Wednesday, January 16, 2013

The Jack Lew Signature Challenge and How to Solve the National Penmanship Crisis


This is an op-ed I submitted a week or so back to the New York Times. They didn't take it, so I'm publishing here.


The funniest moment in President Obama's announcement that he was nominating Jacob "Jack" Lew to succeed Timothy Geithner as Treasury Secretary came when the President said that, when he finally got around to looking at Lew's signature, he considered rescinding the nomination.

The nation can evidently ill-afford Lew's illegible sequence of loops on every piece of printed currency.

This is the second time a Treasury Secretary has been assailed for poor penmanship. Geithner also had to modify his John Hancock.

Compare these failings at the pen with the carefully readable letterforms of former Treasury heads Paul O'Neill and John Snow. Henry Paulson's signature had a decisively rightward lean, but one could still easily discern the "H," the "P," the "M" of his middle name and the "J," in "Jr." (No way was Paulson going to embarrass Dad with a cavalier scribble.)

Even a flamboyant, free-form guy like Larry Summers penned a signature worthy of an accountant. You have to go back to Nicholas Brady in the late 1980s to find a Treasury Secretary whose signature could be seen as a threat to the image of the world's reserve currency.

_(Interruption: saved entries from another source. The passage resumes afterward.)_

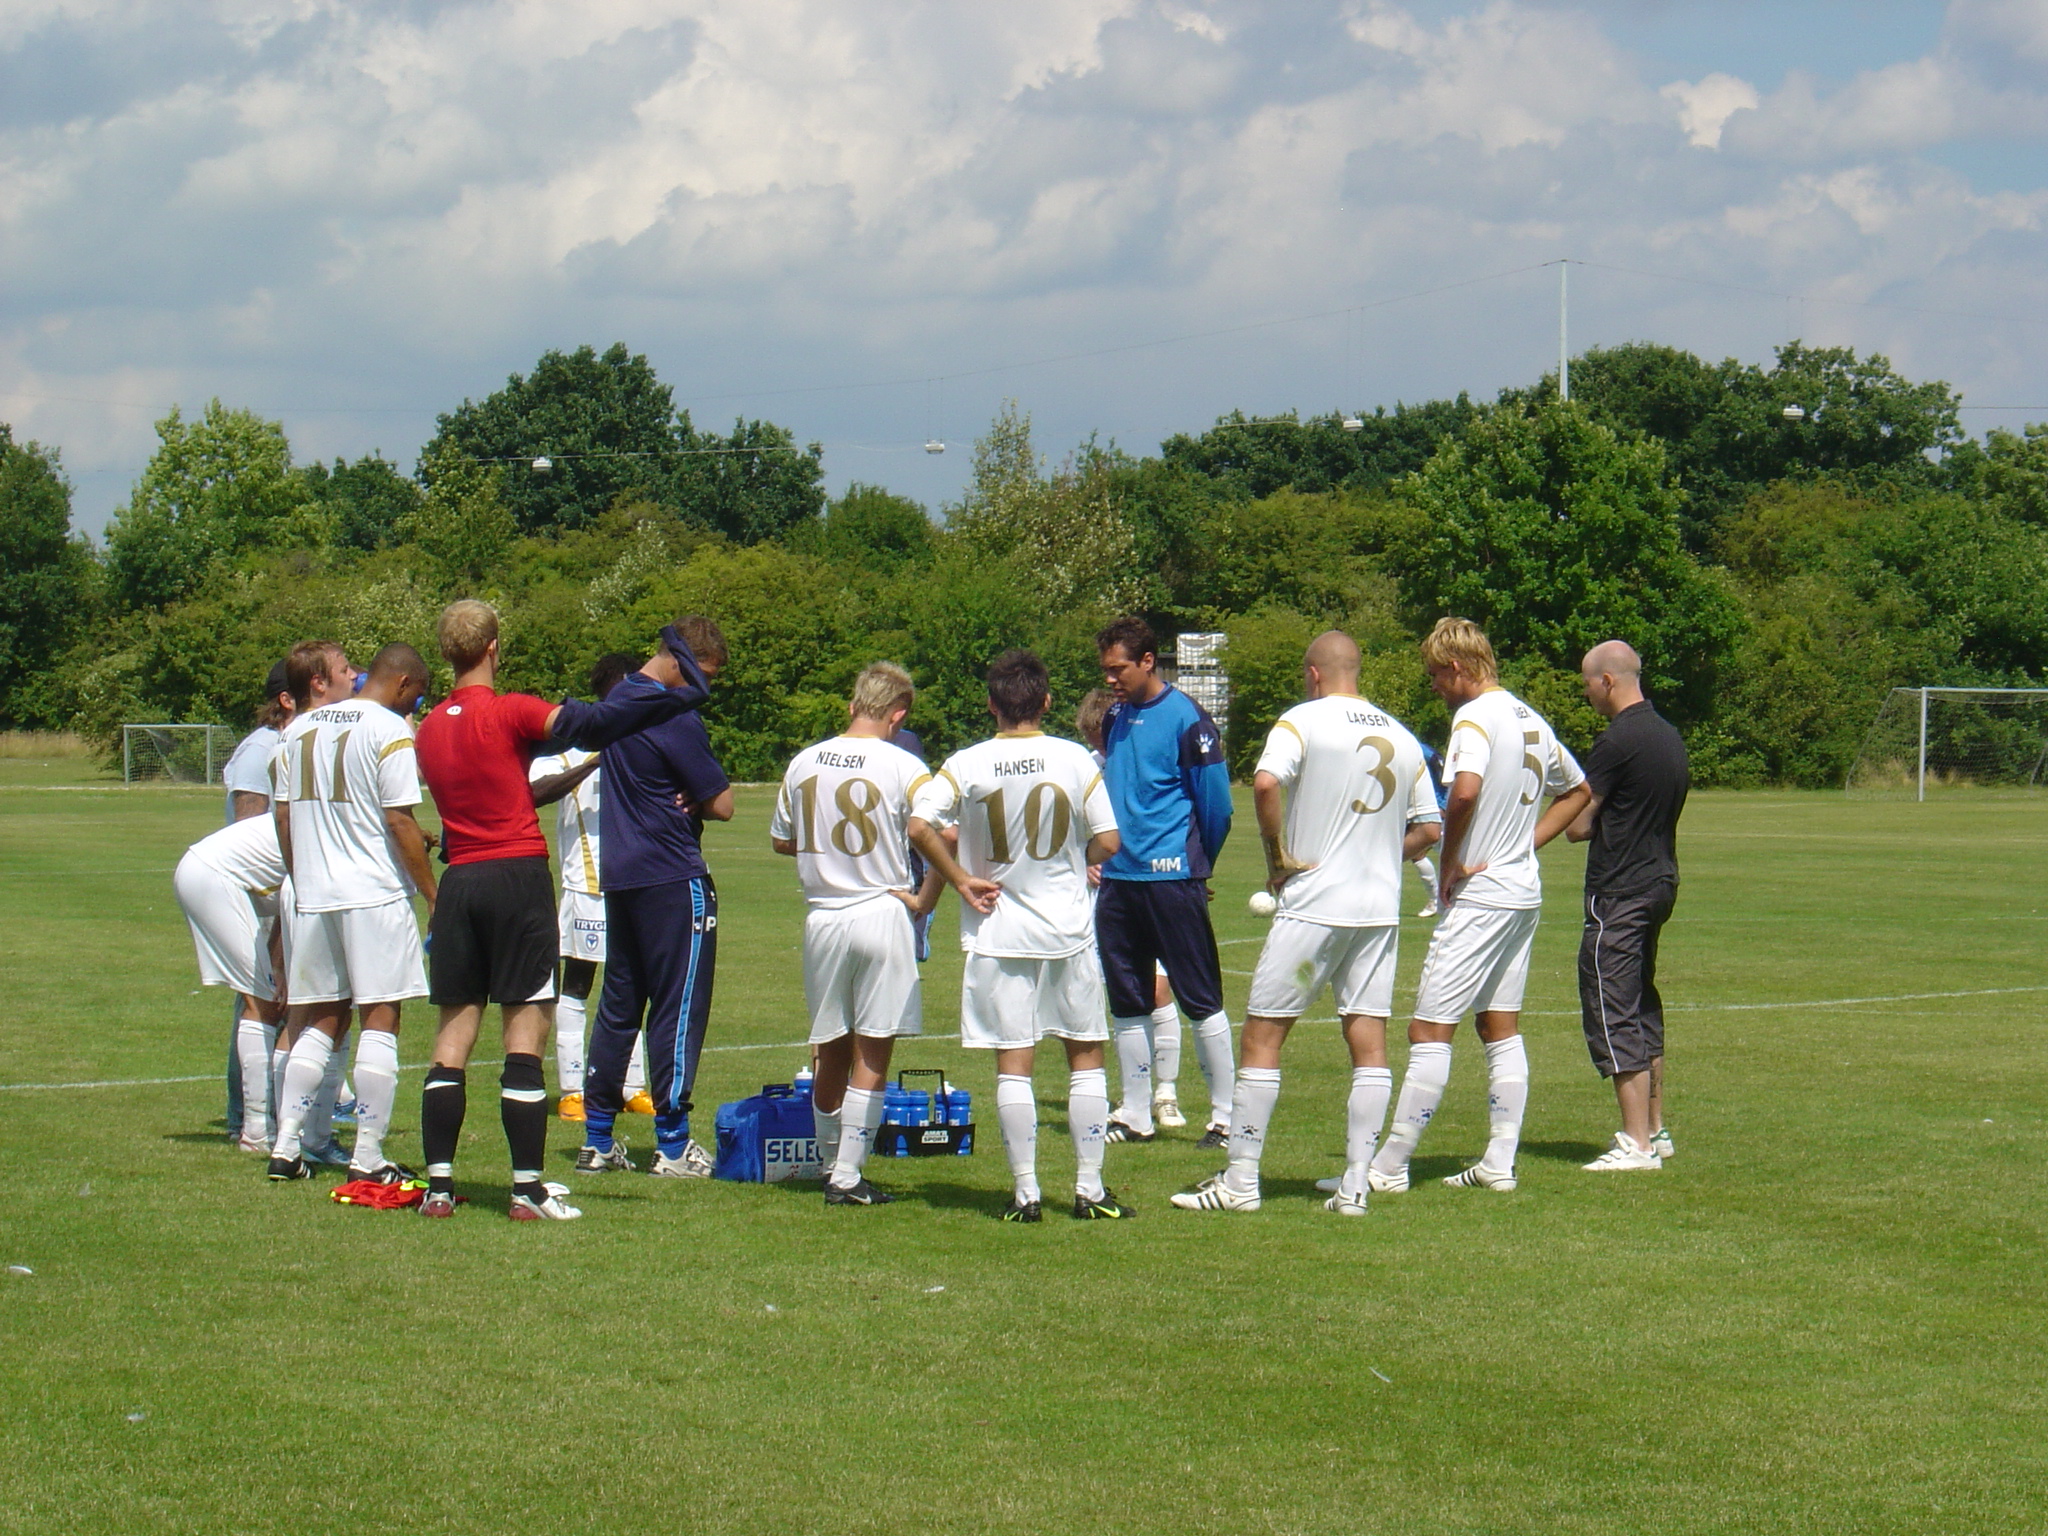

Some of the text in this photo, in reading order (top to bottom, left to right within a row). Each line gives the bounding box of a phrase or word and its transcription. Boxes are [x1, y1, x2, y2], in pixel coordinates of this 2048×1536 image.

[308, 709, 364, 723] MORTENSEN
[1346, 711, 1390, 728] LARSEN
[293, 727, 354, 803] 11
[815, 751, 866, 769] NIELSEN
[994, 758, 1045, 777] HANSEN
[1351, 735, 1397, 815] 3
[1520, 730, 1544, 806] 5
[794, 774, 881, 857] 18
[976, 782, 1070, 864] 10
[1152, 857, 1181, 873] MM
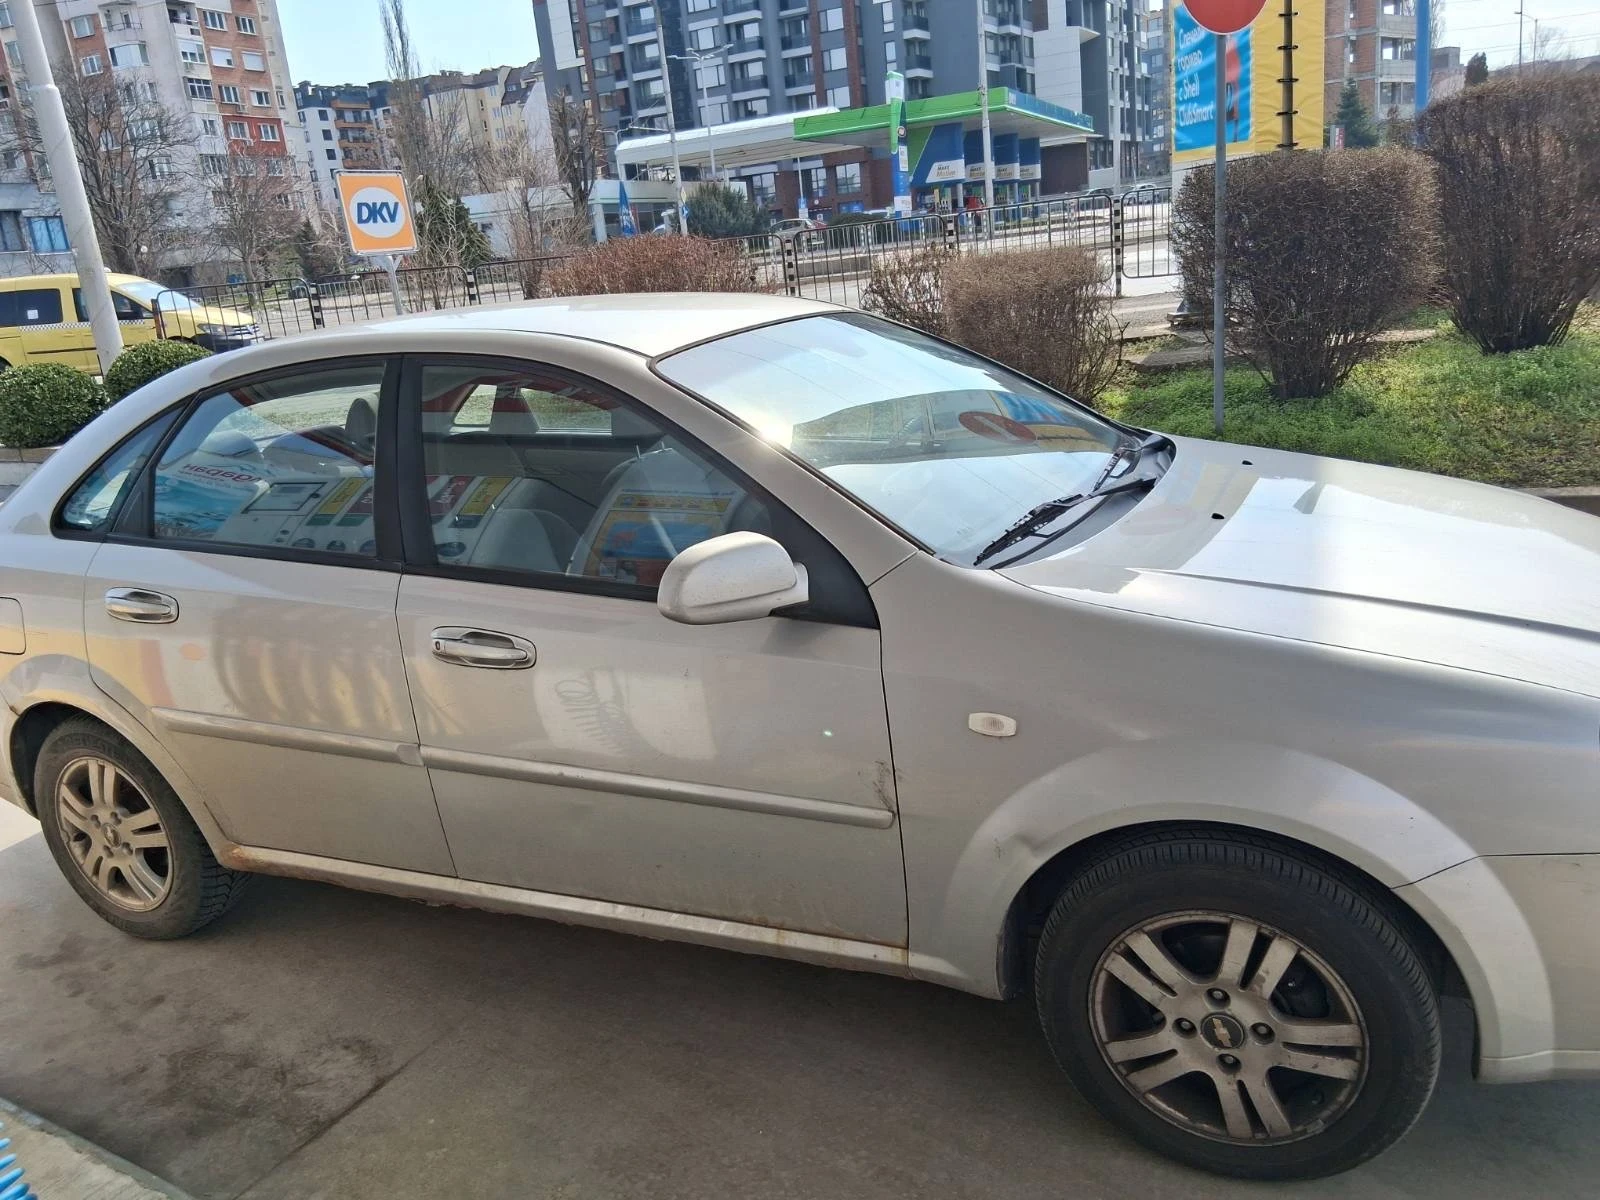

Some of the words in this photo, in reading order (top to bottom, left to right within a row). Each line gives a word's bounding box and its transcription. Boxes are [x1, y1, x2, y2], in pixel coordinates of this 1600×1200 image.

[1178, 50, 1203, 72] гориво
[1184, 72, 1200, 101] Shell
[1179, 101, 1214, 126] ClubSmart
[357, 202, 399, 224] DKV
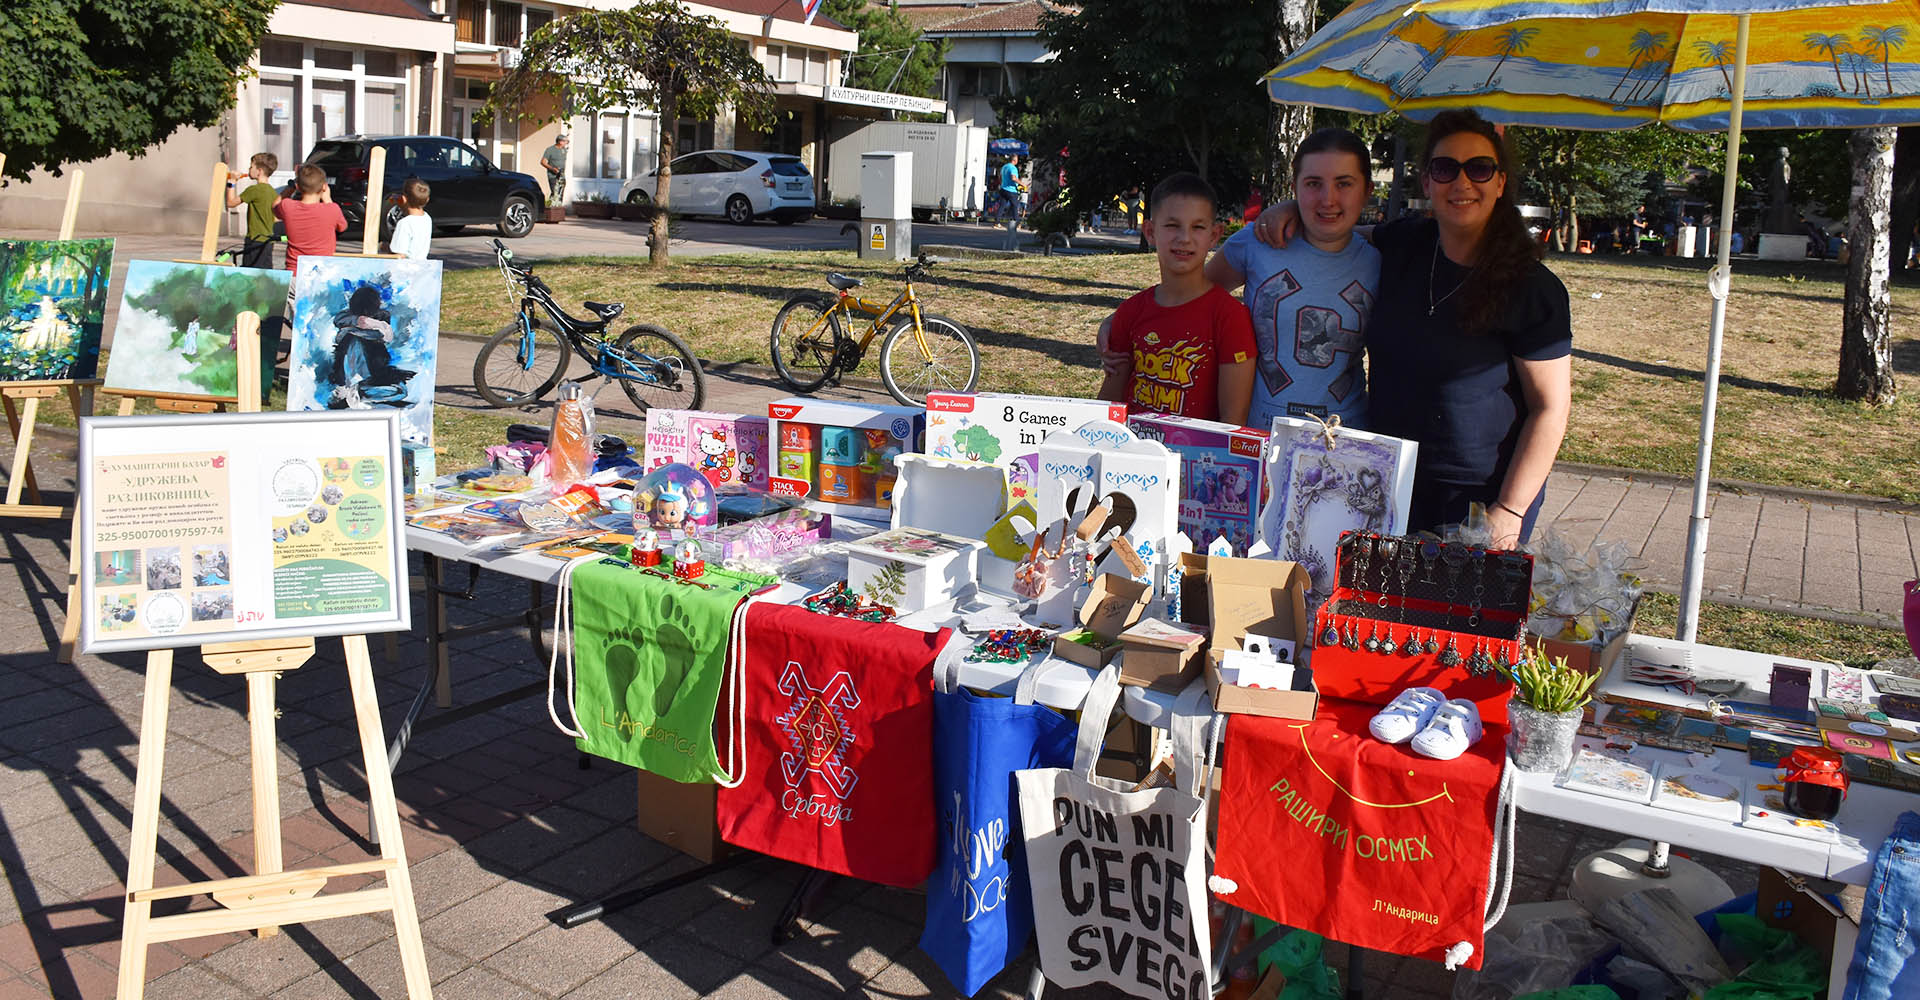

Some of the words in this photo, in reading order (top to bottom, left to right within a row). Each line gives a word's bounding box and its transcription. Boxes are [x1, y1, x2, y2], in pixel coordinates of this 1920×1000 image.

[832, 89, 870, 102] КУЛТУРНИ
[871, 94, 898, 105] ЦЕНТАР
[900, 98, 932, 110] ПЕЋИНЦИ
[1003, 406, 1014, 422] 8
[1019, 411, 1067, 427] Games
[648, 433, 686, 448] PUZZLE
[1020, 428, 1036, 444] in
[1240, 441, 1259, 453] Trefl
[773, 481, 795, 491] STACK
[1186, 507, 1196, 518] in
[782, 789, 853, 827] Србија
[1053, 797, 1118, 844] PUN
[1131, 814, 1173, 852] MI
[1270, 778, 1349, 850] РАШИРИ
[1356, 835, 1434, 862] ОСМЕХ
[1059, 839, 1199, 958] CEGE
[1372, 899, 1440, 925] Л'Андарица
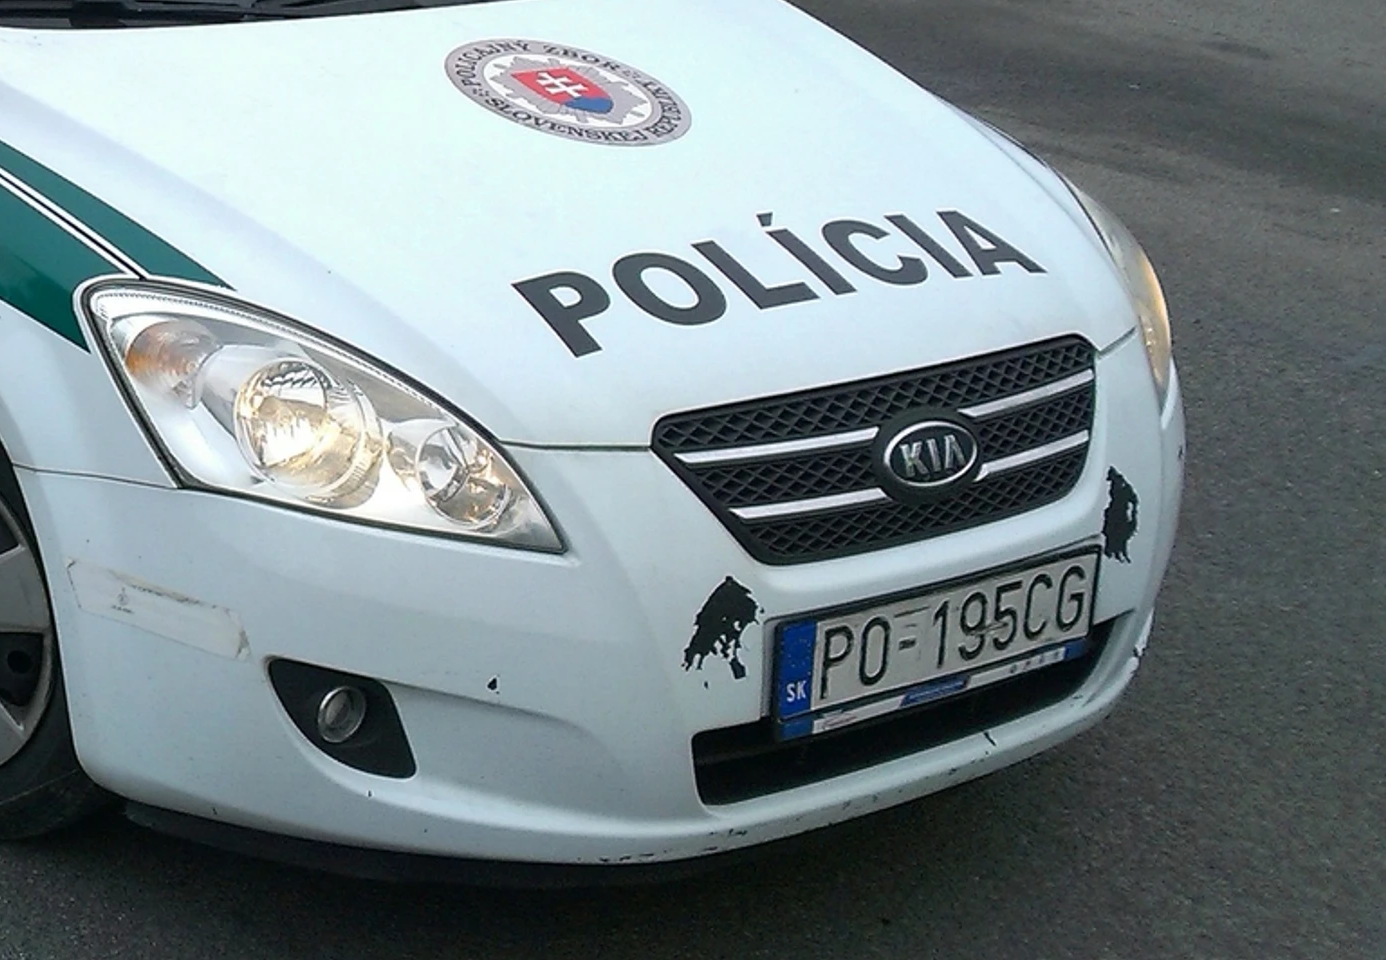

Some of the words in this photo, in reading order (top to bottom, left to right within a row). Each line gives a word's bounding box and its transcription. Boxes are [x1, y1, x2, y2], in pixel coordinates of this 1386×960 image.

Given the importance of signatures and penmanship in the founding documents of the republic, you'd think that abstractions of the sort that Lew has been scribbling on documents for his entire career in government would be identified and eliminated early on.

But what about President Obama's signature? You might ask.

It's obviously the signature of an artist.

But Obama isn't making his gigantic loops in his "Bs" and his "O" on the greenback — arguably a more potent symbol of American power than the flag.

The public doesn’t carry bills signed into law in their pockets.

The truth is that this is a generational issue. Geithner (51) and Lew (57) are part of the post-penmanship generation. These are men who haven’t had to write by hand to be read; they transitioned swiftly from typewriters to computers and word processors to BlackBerrys. They might scribble notes in meetings. But they aren't sitting down on the weekends to catch up their letter writing.

And even if they were, they wouldn't be writing in cursive — they'd be employing instead some kind of hybrid scribble of printing and traditional handwriting. A highly individualistic scrawl of their own (possibly unconscious) design. Because with few exceptions, cursive handwriting, with its elegant letterforms and connected loops and lines, stressing not lifting the pen from the paper, has fallen out of favor as a pedagogical subject.

It’s a vestige of a vanished time of inkwells, steel nibs, and personal letterhead reordered annually as the Champagne bubbles subsided and the thank you notes had to go out.

With a few exceptions.

Two of my three kids attend a Montessori school in the Pasadena area. My daughter, Lucia, came from the Los Angeles public schools and one of the first things she had to do was learn cursive, which is an essential part of the curriculum.

She took to it immediately. My son James followed her and, after an initial period of shifting from the printing he'd used in kindergarten, he too discovered the joys of good penmanship.

I'm of roughly the same generation as Geithner and Lew. I was absolutely post-penmanship — although in the distant past, I had been rigorously trained, starting with big dull pencils and pulp practice paper lined to define where the loops, curves, and crosses went. Pens came later. As did the development of a completely illegible scribble and, not incidentally, a signature that was Lew-like: really more of an impatient initialing that something that would convey my identity.

It was a source of humiliation. In the days when I wrote letters, friends banned me from writing them by hand. As a journalist, I often stared at my notebooks, trying to figure out what I had written down during interviews. Later, I developed a system of correcting, clarifying, and annotating my own notes at the end of the day. My notebooks were always two-tone: first take in black or blue, translation in red.

Then, in my forties, I saw how well this penmanship thing was going for my kids and I decided that old-fashioned cursive might be a cure.

It was like light being beamed into a dark cavern.

I could suddenly read what I'd written. My signature became…my name again! Each letter was…a letter! The bold and illegible sweep — more artsy glyph than signature — was gone, replaced by the clearly penned version of my persona.

Best of all, writing felt good again. A shaky scrawl had induced anxiety. But my cursive restoration brought a meditative quality back to my handwriting. I slowed down. I thought about what I was doing. And when taking notes, I noticed no loss of content. And I didn't have to rewrite everything.

The amusing remarks about Lew's signature contain a serious suggestion for the aspiring Treasury Secretaries of the nation (I assume there are a few out there). Perfect your penmanship! Make not your signature a source of ribbing or ridicule! The U.S. currency is a piece of complex graphic design and your handwriting would be an integral part of it! Do you really want the public to think, like Jack Lew, that your name is "Ooooooo?"

Of course not! Cursive is the cure. So get practicing. The economy depends on it.